Para diminuir a dependência externa, o governo da Venezuela pretende construir 200 fábricas estatais. Dessas 61 serão voltadas especificamente para o processamento de alimentos. As 139 restantes serão voltadas para os setores de áreas de máquinas e equipamentos, vestuário, saúde, transporte, eletroeletrônica, entre outras. No total, estima-se que o governo venezuelano irá investir nesse projeto US$ 3 bilhões.

O Brasil foi um dos 12 países convidados a participar desse plano e a Abimaq foi eleita como parceira pelo governo venezuelano, tendo a incumbência de pesquisar, selecionar e recrutar as indústrias de bens de capital nacionais com capacidade e interesse para fornecer o maquinário para as plantas fabris.

Mário Mugnaini, diretor de Mercado Externo da Abimaq, explica que a entidade está trabalhando há meses nesse projeto há vários meses, desde quando foi assinado o programa de cooperação industrial entre os governos do Brasil e da Venezuela. "Já realizamos quatro reuniões, três delas no Brasil e uma na Venezuela, reunindo os representantes da delegação venezuelana e os industriais nacionais", informa Mugnaini. "Essas reuniões abriram ótimas perspectivas para a concretização de exportações de maquinas e equipamentos brasileiros", acrescenta, lembrando que do projeto, participa a ABDI - Agência Brasileira de Desenvolvimento Industrial, vinculada ao Ministério do Desenvolvimento Indústria e Comércio Exterior, encarregada de fazer toda a articulação entre o setor privado brasileiro e o governo da Venezuela.

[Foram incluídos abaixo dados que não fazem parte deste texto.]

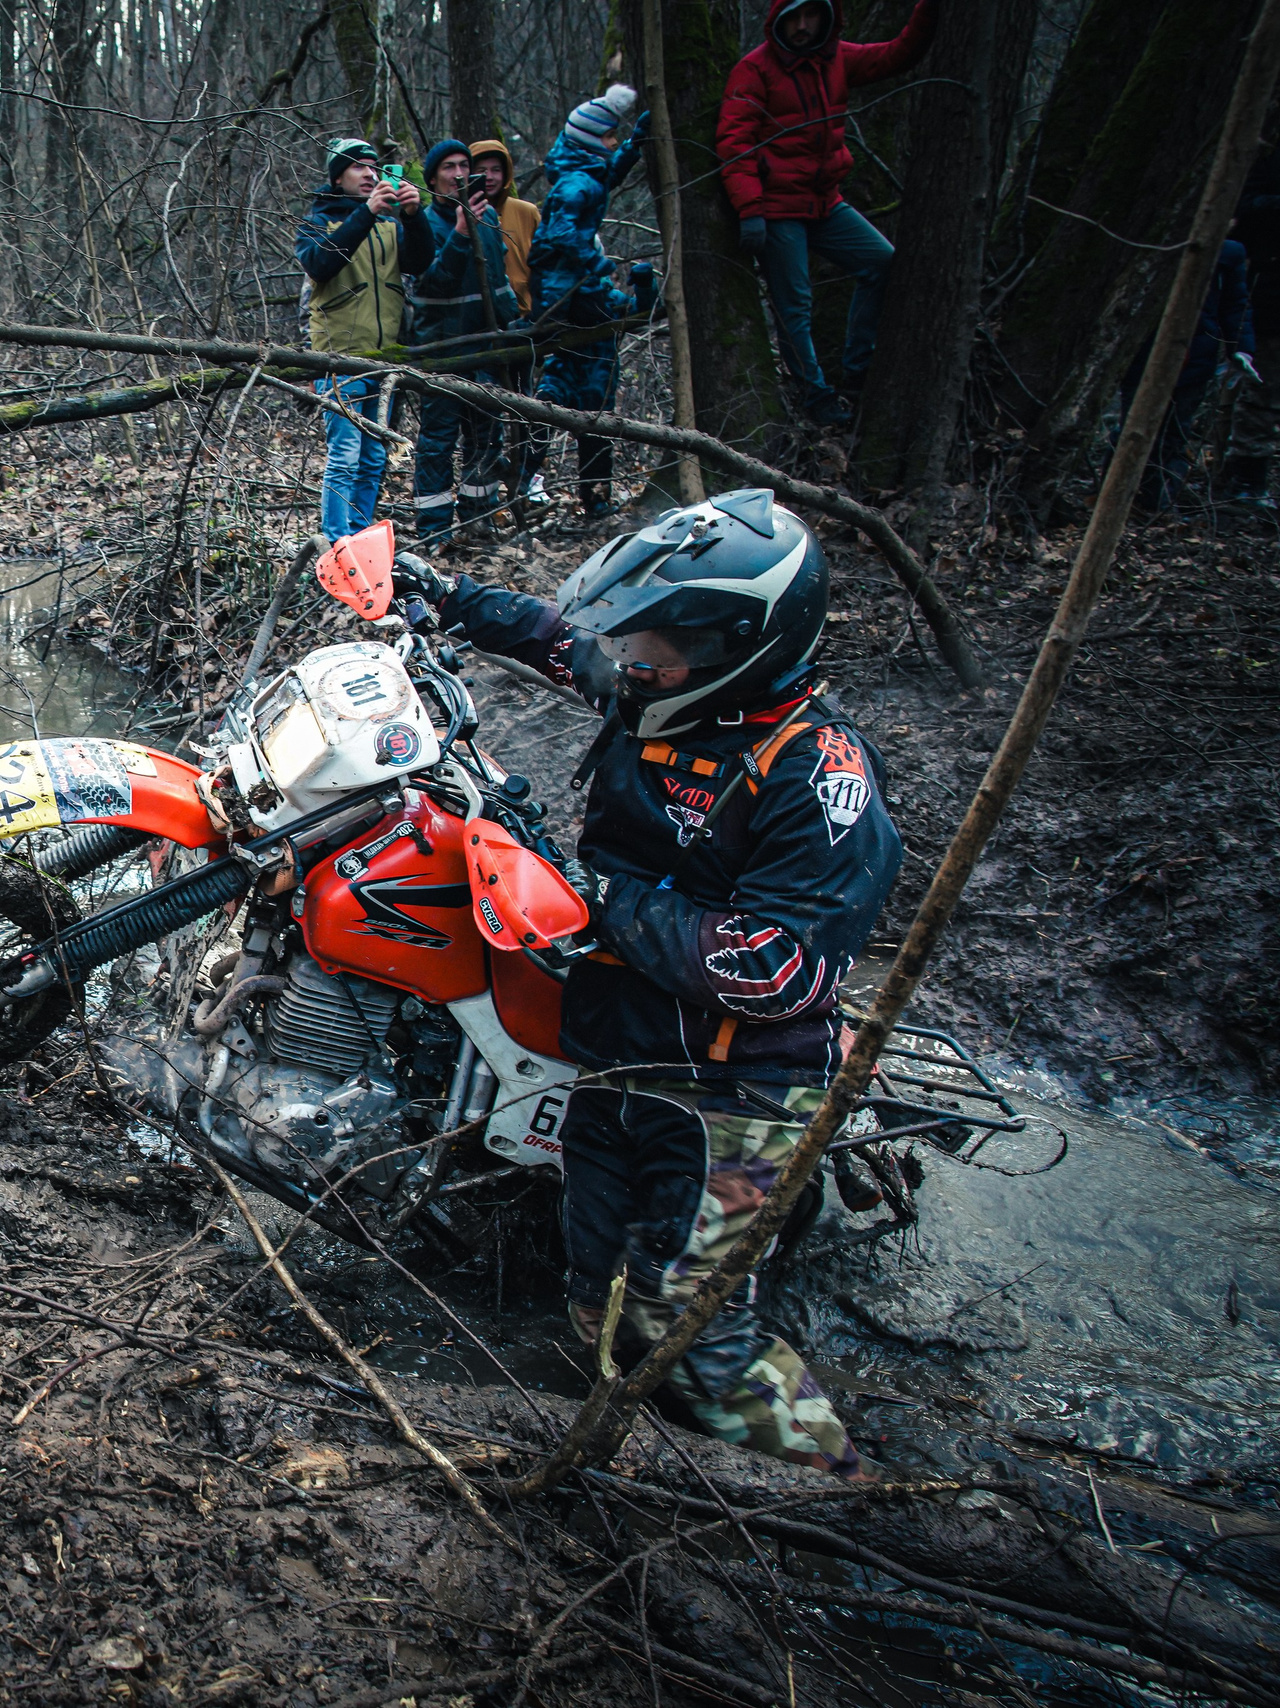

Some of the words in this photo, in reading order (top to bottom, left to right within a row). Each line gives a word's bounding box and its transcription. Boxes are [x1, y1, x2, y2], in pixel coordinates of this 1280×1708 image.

Inicialmente a cooperação brasileira se dará na construção de 73 fábricas. Já foram definidos sete tipos de projetos para 11 unidades produtivas voltadas para fabricação de equipamentos para processamento de alimentos e embalagens de metal. Em uma segunda fase, equipamentos para refrigeração industrial, tubos de PVC e siderúrgicas de pequeno porte. Estimativas iniciais prevêem que os investimentos para as fábricas que contarão com a participação brasileira somam cerca de US$ 200 milhões. "A Abimaq está coordenando as negociações entre as empresas associadas e o governo venezuelano e existe grande possibilidade de vendas", comenta Mugnaini.

PRIMEIROS PROJETOS - Como resultado do trabalho, oito empresas da área de bens de capital brasileiras já iniciaram as negociações com as companhias estatais ligadas ao Ministério da Indústria Leve da Venezuela. A Siminox, fabricante de equipamentos para a indústria alimentícia, apresentou proposta para a implantação de quatro fábricas para processamento de frutas, verduras e legumes. A Indústria de Máquinas Moreno também apresentou proposta técnica detalhada para o fornecimento de três fábricas para produção de latas para acondicionamento de alimentos. A Toledo, fabricante de balanças, apresentou proposta de equipamentos para várias plantas.

"Estamos otimistas porque o presidente Chávez tem sinalizado grande interesse na cooperação com o Brasil devido à proximidade física, cultural e lingüística entre os dois países", finaliza Mugnaini.